- Records contained in a dataset
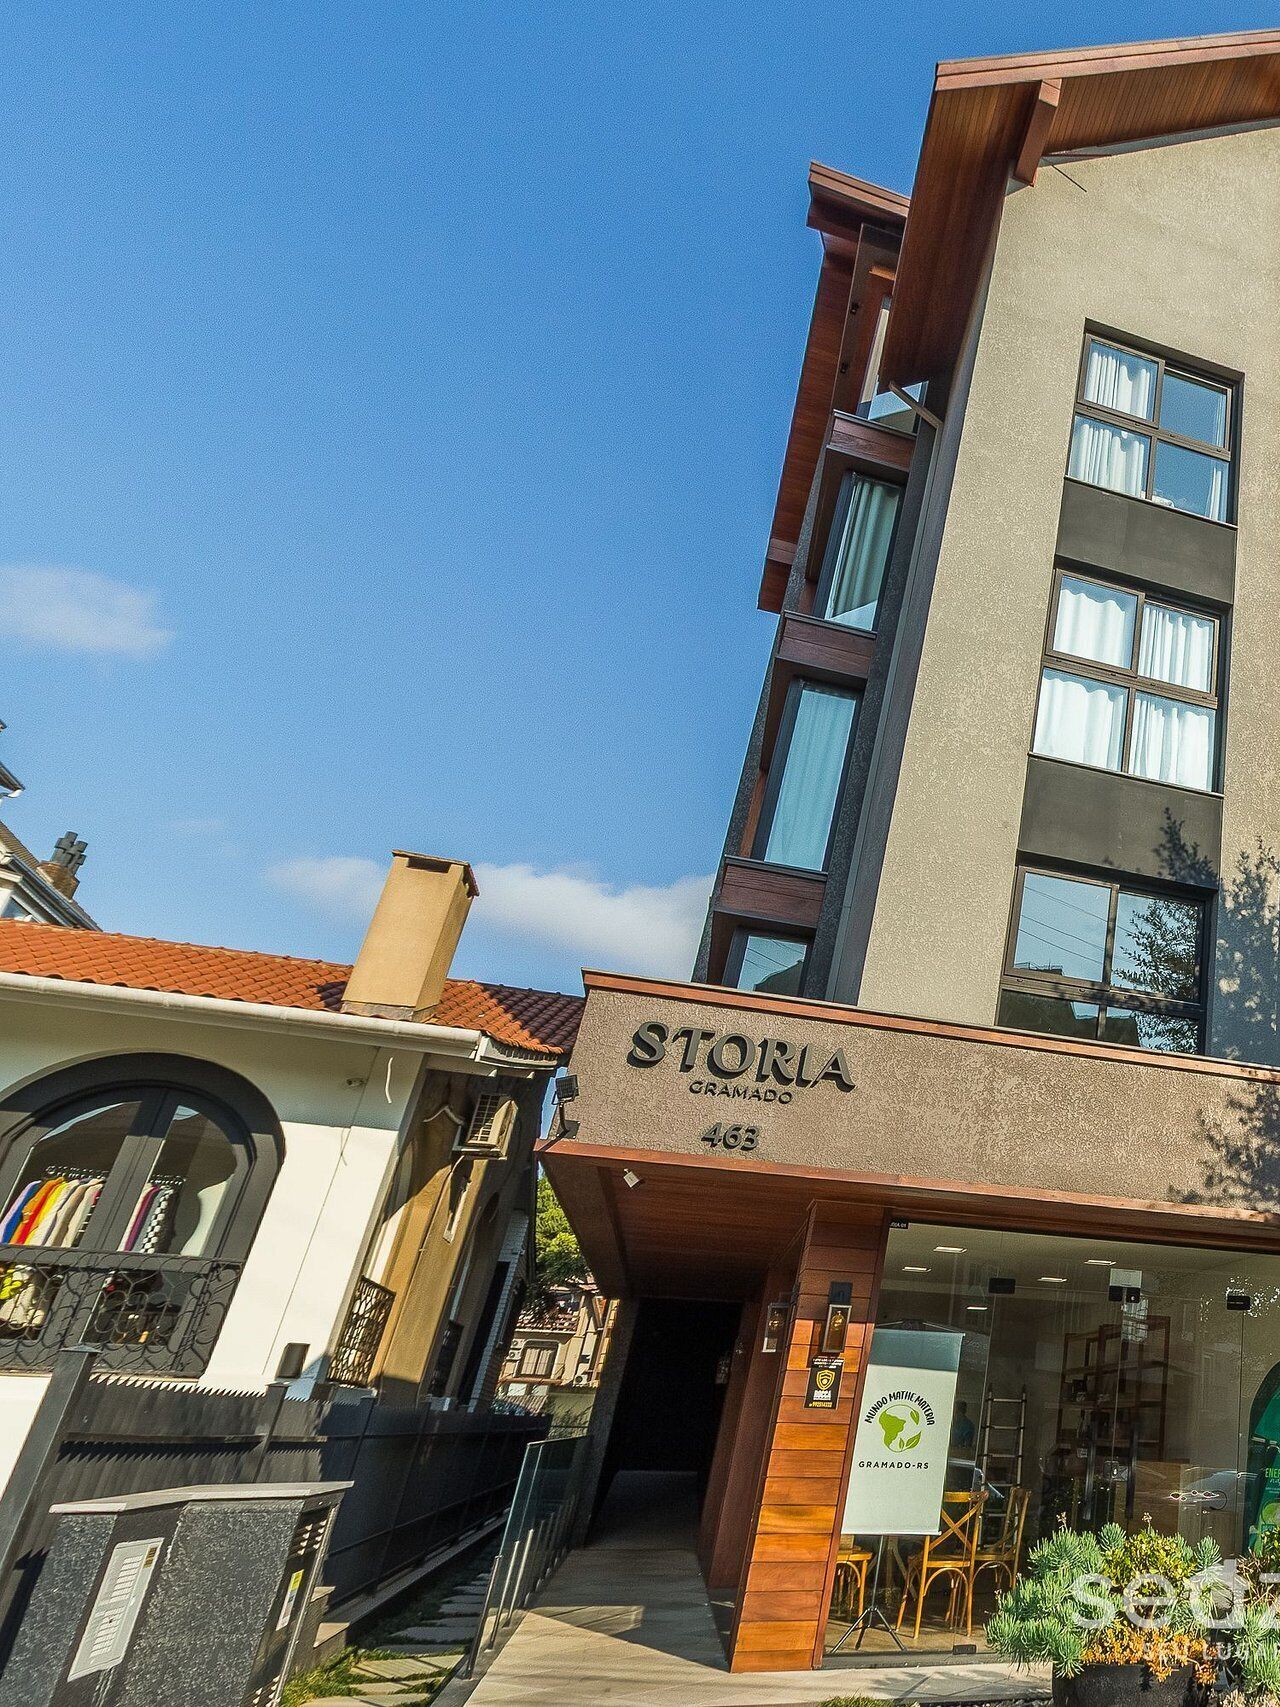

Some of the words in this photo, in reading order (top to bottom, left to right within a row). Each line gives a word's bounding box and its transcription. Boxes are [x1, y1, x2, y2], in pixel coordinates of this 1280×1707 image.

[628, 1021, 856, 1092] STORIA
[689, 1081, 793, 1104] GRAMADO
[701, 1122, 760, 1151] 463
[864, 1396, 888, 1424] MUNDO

- WHAT THIS TASK INVOLVES
Copy all records exactly, no images.

- RESPONSE TO THIS TASK
Some of the words in this photo, in reading order (top to bottom, left to right within a row). Each line gives a word's bounding box and its transcription. Boxes are [x1, y1, x2, y2], in pixel coordinates of this 1280×1707 image.

[628, 1021, 856, 1092] STORIA
[689, 1081, 793, 1104] GRAMADO
[701, 1122, 760, 1151] 463
[864, 1396, 888, 1424] MUNDO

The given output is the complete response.